Python package for instance selection algorithms

Project description

kondo-ML

kondo-ML is a package containing various instance selection algorithms usable with regression models. The implementations are compatible with sklearn and follow its outlier detection interface.

This is still a work in progress and some documentation is missing.

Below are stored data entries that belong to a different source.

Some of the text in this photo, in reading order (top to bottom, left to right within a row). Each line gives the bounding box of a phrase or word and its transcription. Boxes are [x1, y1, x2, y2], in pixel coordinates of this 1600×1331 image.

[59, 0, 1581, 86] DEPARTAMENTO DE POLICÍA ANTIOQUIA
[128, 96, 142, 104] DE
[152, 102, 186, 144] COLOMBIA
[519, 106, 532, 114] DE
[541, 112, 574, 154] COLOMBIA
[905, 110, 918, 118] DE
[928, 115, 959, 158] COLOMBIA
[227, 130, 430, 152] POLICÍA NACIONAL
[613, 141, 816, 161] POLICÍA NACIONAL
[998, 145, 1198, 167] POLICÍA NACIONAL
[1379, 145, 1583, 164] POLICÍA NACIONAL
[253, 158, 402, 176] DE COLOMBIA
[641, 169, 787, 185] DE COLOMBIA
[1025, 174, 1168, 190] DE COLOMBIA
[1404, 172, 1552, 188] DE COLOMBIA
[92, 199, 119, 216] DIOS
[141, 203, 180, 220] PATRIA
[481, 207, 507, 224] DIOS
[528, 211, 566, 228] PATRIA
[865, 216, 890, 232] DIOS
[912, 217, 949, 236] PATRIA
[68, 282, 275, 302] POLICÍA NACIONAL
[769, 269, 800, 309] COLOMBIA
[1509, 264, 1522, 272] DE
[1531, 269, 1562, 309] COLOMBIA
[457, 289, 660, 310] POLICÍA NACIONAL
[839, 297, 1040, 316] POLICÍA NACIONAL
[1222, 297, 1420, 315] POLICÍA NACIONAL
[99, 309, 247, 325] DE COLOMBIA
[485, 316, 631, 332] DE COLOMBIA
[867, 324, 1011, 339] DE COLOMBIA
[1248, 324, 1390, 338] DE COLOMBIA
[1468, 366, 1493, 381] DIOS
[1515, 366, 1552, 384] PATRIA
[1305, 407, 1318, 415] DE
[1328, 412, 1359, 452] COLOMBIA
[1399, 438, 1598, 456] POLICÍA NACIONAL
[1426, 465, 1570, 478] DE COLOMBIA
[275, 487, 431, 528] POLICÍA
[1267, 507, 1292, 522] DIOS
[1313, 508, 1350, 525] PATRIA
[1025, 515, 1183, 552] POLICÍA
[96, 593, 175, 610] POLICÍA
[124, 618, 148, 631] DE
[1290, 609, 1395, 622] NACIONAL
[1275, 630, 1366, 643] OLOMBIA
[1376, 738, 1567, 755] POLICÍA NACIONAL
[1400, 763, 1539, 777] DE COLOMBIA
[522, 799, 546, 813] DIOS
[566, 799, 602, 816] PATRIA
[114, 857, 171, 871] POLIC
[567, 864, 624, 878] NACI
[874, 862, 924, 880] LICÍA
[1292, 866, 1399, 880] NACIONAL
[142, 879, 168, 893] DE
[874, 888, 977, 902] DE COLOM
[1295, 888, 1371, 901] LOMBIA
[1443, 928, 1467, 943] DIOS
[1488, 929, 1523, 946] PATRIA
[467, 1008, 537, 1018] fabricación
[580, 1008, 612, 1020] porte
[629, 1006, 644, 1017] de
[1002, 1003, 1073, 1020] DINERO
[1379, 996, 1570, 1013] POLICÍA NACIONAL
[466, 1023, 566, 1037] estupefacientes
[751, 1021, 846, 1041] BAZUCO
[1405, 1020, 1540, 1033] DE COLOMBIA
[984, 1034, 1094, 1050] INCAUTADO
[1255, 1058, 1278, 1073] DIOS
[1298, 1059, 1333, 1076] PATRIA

Please refer to the source code for each algorithm in the instance_selection folder.

Install

The package can be installed via pip
pip install kondo_ml

Overview of algorithms

Algorithm Goal
RegCNN Size reduction
RegENN Noise filter
RegENNTime Noise filter/drift handling
DROP-RX Noise filter/size reduction
Shapley Utility assignment
FISH Drift Handling
SELCON Size reduction
Mutual Information Noise filter

Algorithm sources

RegCNN & RegENN: https://link.springer.com/chapter/10.1007/978-3-642-33266-1_33
DROP-RX: https://www.sciencedirect.com/science/article/abs/pii/S0925231216301953
Shapley: https://proceedings.mlr.press/v97/ghorbani19c/ghorbani19c.pdf
FISH: http://eprints.bournemouth.ac.uk/18567/1/FISH_journal_preprint.pdf
SELCON: https://arxiv.org/abs/2106.12491
Mutual Information: https://research.cs.aalto.fi//aml/Publications/Publication167.pdf

The SELCON implementation is taken from the author's github with minor changes: https://github.com/abir-de/SELCOn

Example

# import instance selection algorithm of your choice
from kondo_ml.instace_selection import RegENNSelector
# initialize selector 
reg_enn = RegEnnSelector(alpha=1,nr_of_neighbors=3)
# predict labels (1 to use that instance, -1 to ignore)
labels = reg_enn.fit_predict(X,y)
# transform -1/1 labels into boolean 0/1 labels
from kondo_ml.utils import transform_selector_output_into_mask
boolean_labels = transform_selector_output_into_mask(labels)
# use selected instances for model training (any model, LR here as an example)
from sklearn.linear_model import LinearRegression
model = LinearRegression().fit(X[boolean_labels],y[boolean_labels])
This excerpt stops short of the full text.